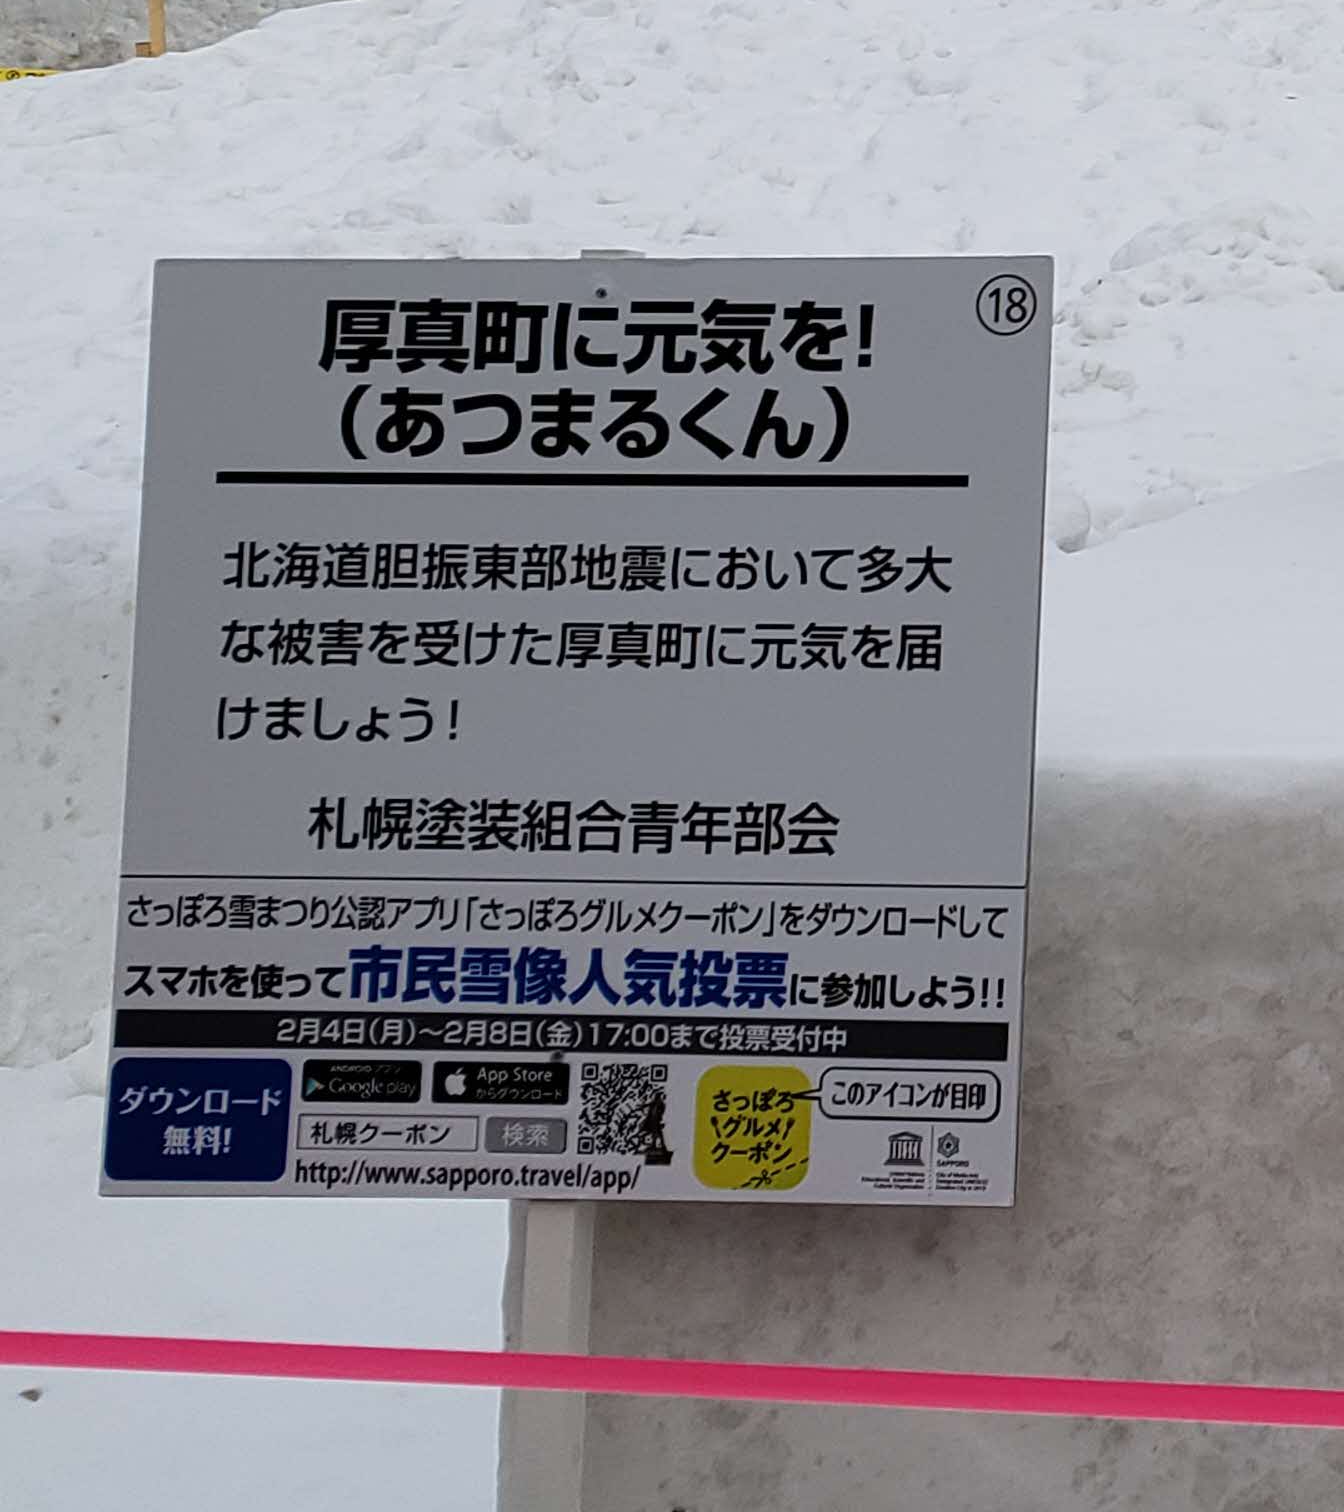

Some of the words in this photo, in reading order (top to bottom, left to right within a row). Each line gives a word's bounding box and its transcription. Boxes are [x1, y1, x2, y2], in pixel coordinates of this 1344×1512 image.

[317, 297, 876, 376] 厚真町に元気を!
[339, 383, 852, 464] (あつまるくん)
[223, 541, 952, 593] 北海道胆振東部地震において多大
[219, 618, 943, 672] な被害を受けた厚真町に元気を届
[216, 695, 460, 743] けましょう!
[307, 796, 840, 856] 札幌塗装組合青年部会
[329, 1077, 384, 1098] Google
[386, 1080, 416, 1098] play
[477, 1067, 508, 1084] App
[513, 1067, 553, 1082] Store
[119, 1085, 283, 1116] ダウンロード
[711, 1087, 795, 1113] さっぽろ
[830, 1080, 986, 1111] このアイコンが目印
[162, 1125, 232, 1156] 無料!
[310, 1120, 451, 1146] 札幌クーポン
[500, 1122, 550, 1148] 検索
[722, 1116, 782, 1139] グルメ
[710, 1139, 793, 1165] クーポン
[294, 1159, 642, 1194] http://www.sapporo.travel/app/
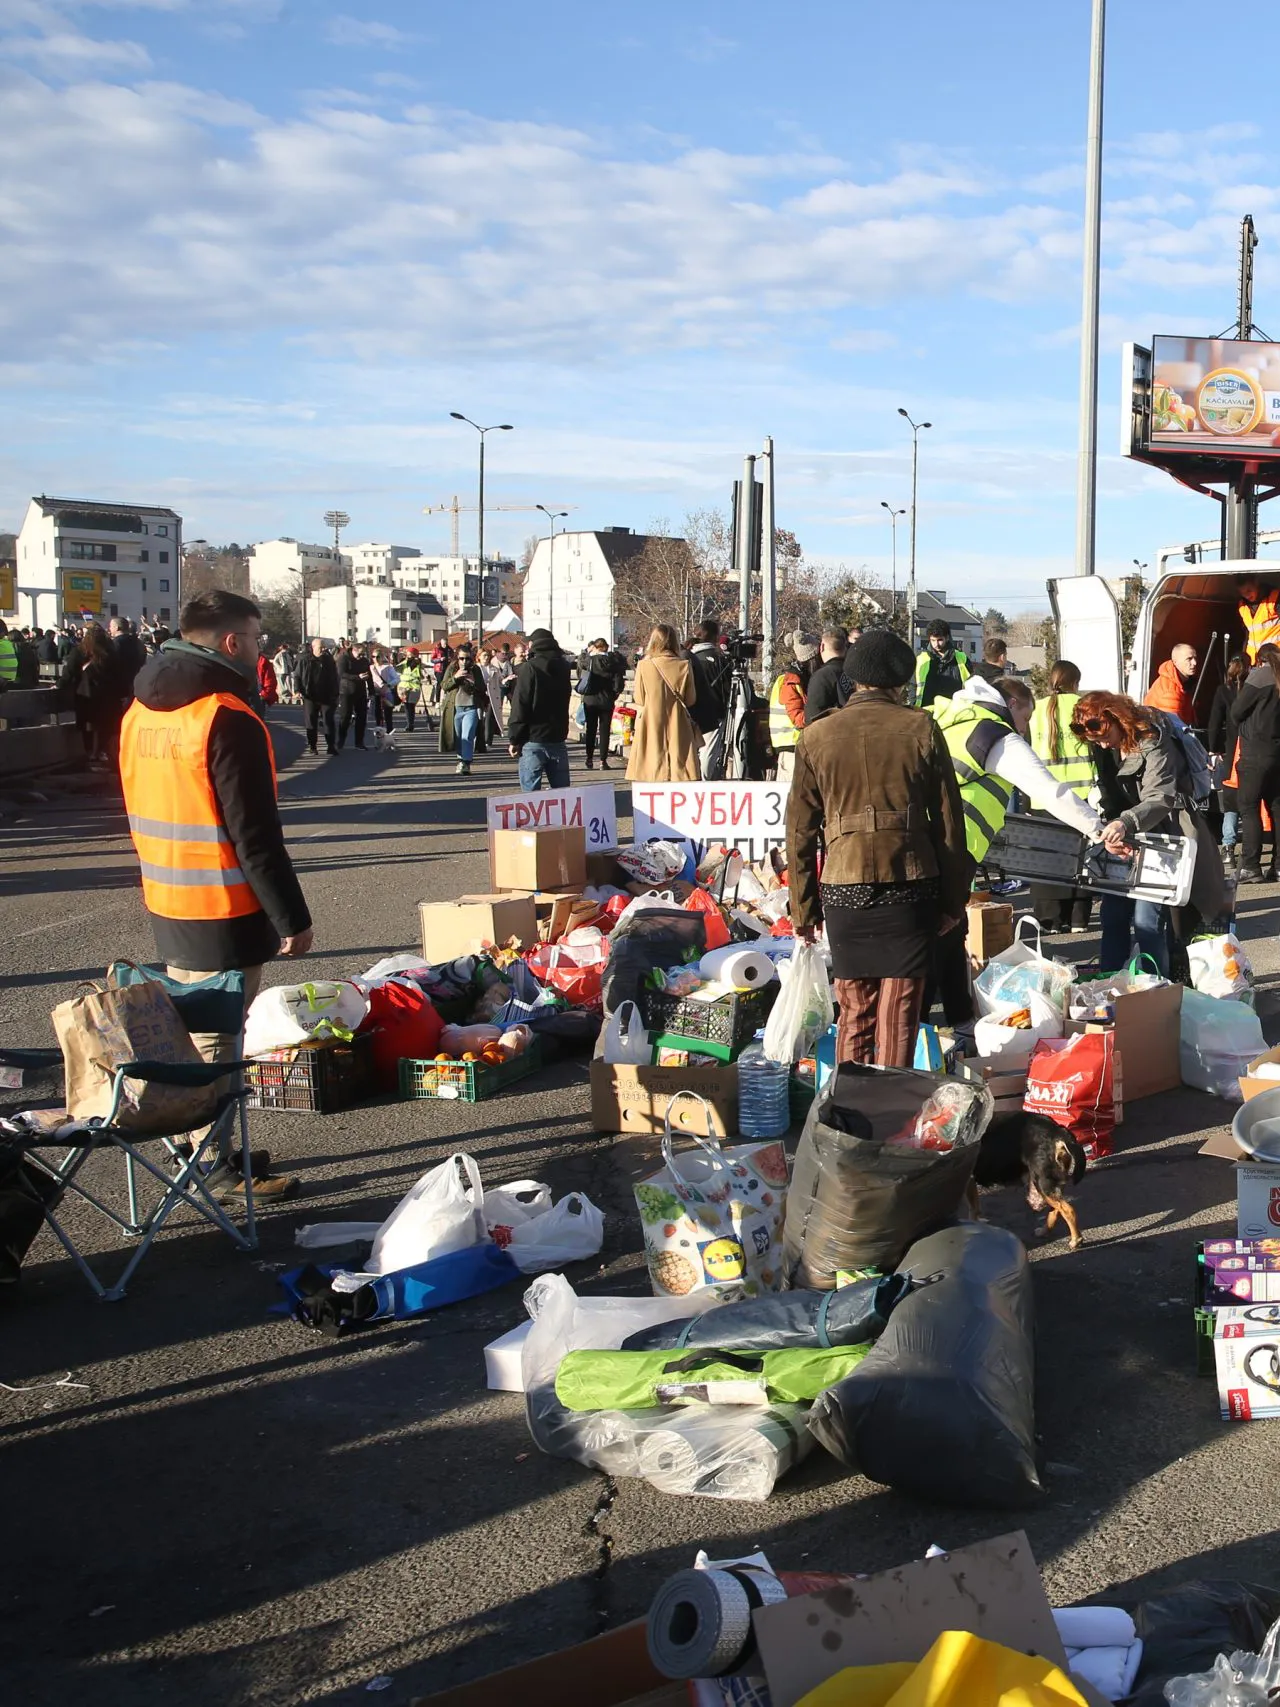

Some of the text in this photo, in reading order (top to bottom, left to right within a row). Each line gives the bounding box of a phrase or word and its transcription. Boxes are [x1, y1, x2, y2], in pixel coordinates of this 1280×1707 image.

AIM OF THE EXERCISE – Without carrying over any picture, retype the records above word for word.

OUTPUT OF THE TASK –
Some of the words in this photo, in reading order (top to bottom, left to right within a row). Each line gives a word's bounding box and its transcription. Boxes are [x1, y1, x2, y2], in pixel coordinates of this 1344×1512 image.

[317, 297, 876, 376] 厚真町に元気を!
[339, 383, 852, 464] (あつまるくん)
[223, 541, 952, 593] 北海道胆振東部地震において多大
[219, 618, 943, 672] な被害を受けた厚真町に元気を届
[216, 695, 460, 743] けましょう!
[307, 796, 840, 856] 札幌塗装組合青年部会
[329, 1077, 384, 1098] Google
[386, 1080, 416, 1098] play
[477, 1067, 508, 1084] App
[513, 1067, 553, 1082] Store
[119, 1085, 283, 1116] ダウンロード
[711, 1087, 795, 1113] さっぽろ
[830, 1080, 986, 1111] このアイコンが目印
[162, 1125, 232, 1156] 無料!
[310, 1120, 451, 1146] 札幌クーポン
[500, 1122, 550, 1148] 検索
[722, 1116, 782, 1139] グルメ
[710, 1139, 793, 1165] クーポン
[294, 1159, 642, 1194] http://www.sapporo.travel/app/

Some of the text in this photo, in reading order (top to bottom, left to right within a row). Each line gives the bounding box of a phrase or word and its transcription. Boxes are [x1, y1, x2, y2], in pixel coordinates of this 1280×1707 image.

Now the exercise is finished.